When I started working in diabetes in 2001, I basically quit my job and set off to create an online community and counselling service which was at that time, pioneering. Nobody was really using technology to support communities and online counselling was rare in Australia. There was no social media so I created my own ways to connect people via forums, email buddies and a blog.
I remember being told by numerous people that breaking into the diabetes scene was hard, that there was a lot of politics and patch ownership and that as a “patient” it was likely I would not be taken seriously. But still I pushed forward, full of passion and a fire in my belly to do something to improve the quality of life for all people living with diabetes.
As I began this journey as an “outsider” as far as the diabetes field was concerned, a patient, a person with no medical training, but a 4 year degree with honours in social work, I began to experience this push back against my voice. This was brought home to me strongly in one phone call with a diabetes educator as I walked the streets and used the phone and the web, to connect with the right people, when she said
” people with diabetes should not be working in diabetes, they carry too much baggage”

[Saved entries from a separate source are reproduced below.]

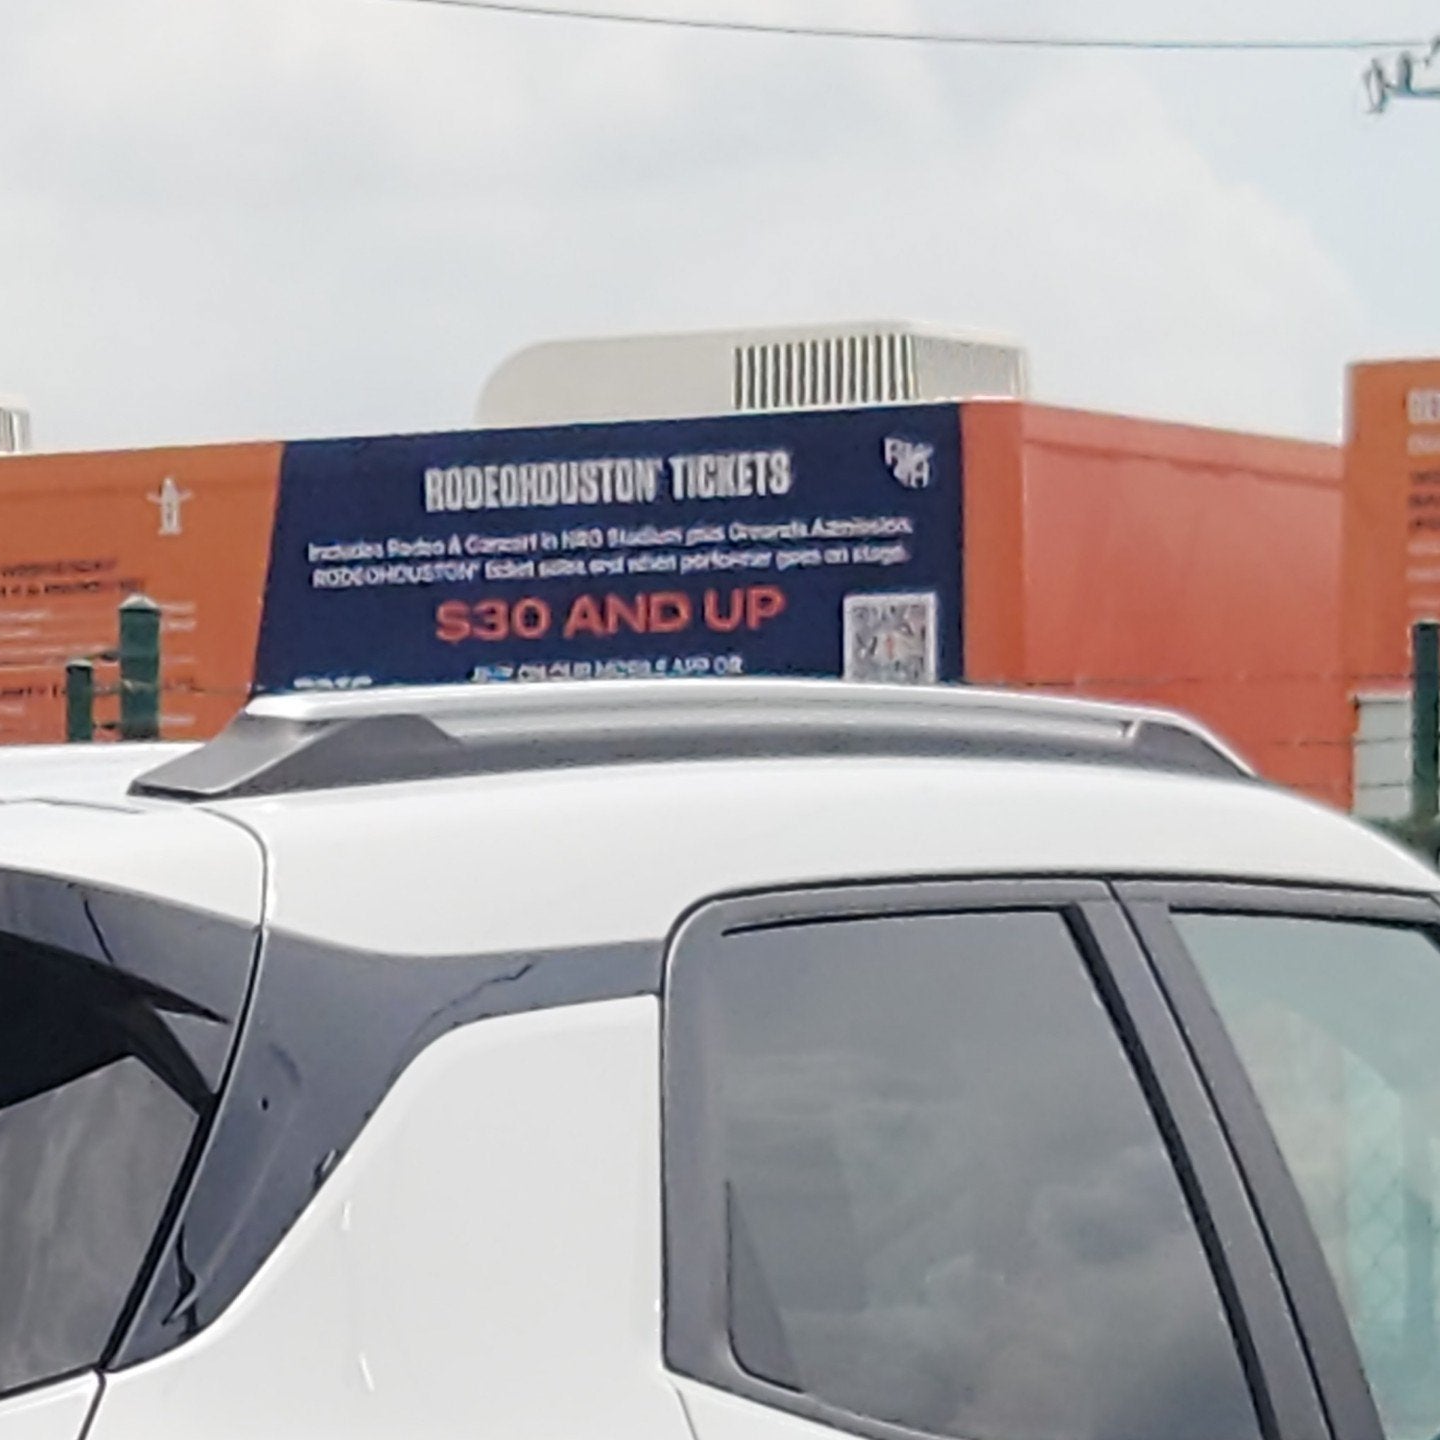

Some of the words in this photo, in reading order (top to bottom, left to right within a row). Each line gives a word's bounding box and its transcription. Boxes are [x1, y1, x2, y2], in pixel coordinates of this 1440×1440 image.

[668, 450, 792, 500] TICKETS
[436, 599, 552, 645] $30
[563, 591, 691, 640] AND
[704, 587, 787, 633] UP
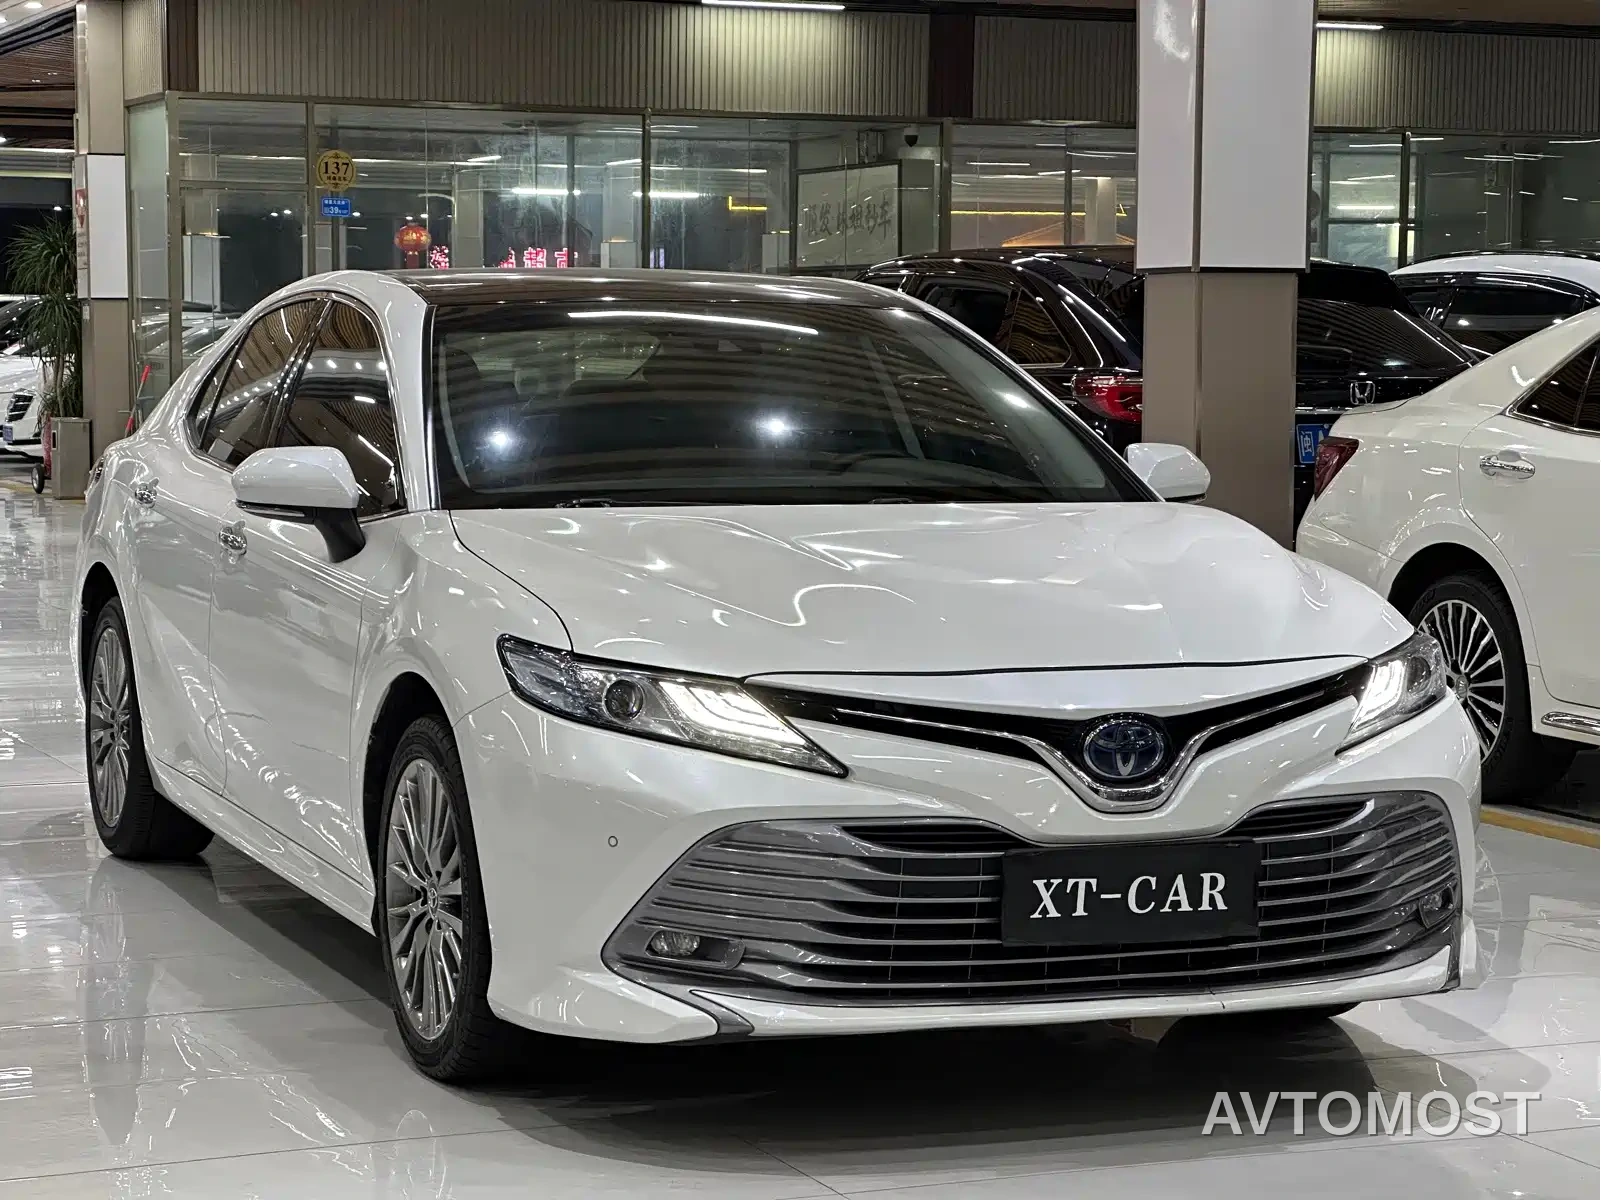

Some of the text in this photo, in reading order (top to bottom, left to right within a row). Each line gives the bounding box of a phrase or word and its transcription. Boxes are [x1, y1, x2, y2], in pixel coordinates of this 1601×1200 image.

This almost broke me and I remember sitting there sobbing to my husband that I could not make it happen, there was no way to break into the field as an outsider.
Yet here I was, actually an INSIDER. I was a person who had lived experience, who brought my personal journey of diabetes, coupled with my professional expertise in mental health, and my nerdy passion for the then very baby like internet, to challenge the system and create a world in which people with diabetes could have a voice and a better quality of life. And then I got lucky. I connected with another person who had type 1 diabetes and happened to be working on the “inside” at a large consumer advocacy and policy organisation in Australia, who championed my ideas and hooked me up with some other people who believed in my ideas. It took 2 years but eventually I saw a crack and pushed my way in.
Fifteen years later I am a diabetes educator, having studied this about 2 years into the journey to provide credibility to my status with peers and to increase my knowledge of diabetes (because you never get give the same amount of information as a patient as you do as a health care professional), have won multiple awards and grants for my work in diabetes and am completing my PhD.
This has not been an easy road. Over time things got harder, easier and harder again. I have had personal and professional challenges. Social Media changed the entire game as people with diabetes started to come out from the woodwork and use our shared voices – consumers started to talk to each other across the globe. People asked us to support them in facebook and we responded with closed Facebook groups supported by peers and health care professionals. Twitter chats started, people began to sit up and take notice.
Instead of feeling embarrassed to take out my blood glucose machine at a diabetes conference in case a colleague sees my results, or being too scared to talk about my personal experience in a presentation as it may be seen as “baggage”, I now proudly display my pump and use my personal journey in my presentations to make a statement, because well really, what is wrong with baggage?
The more suitcases you carry the more great stuff you have inside them to share.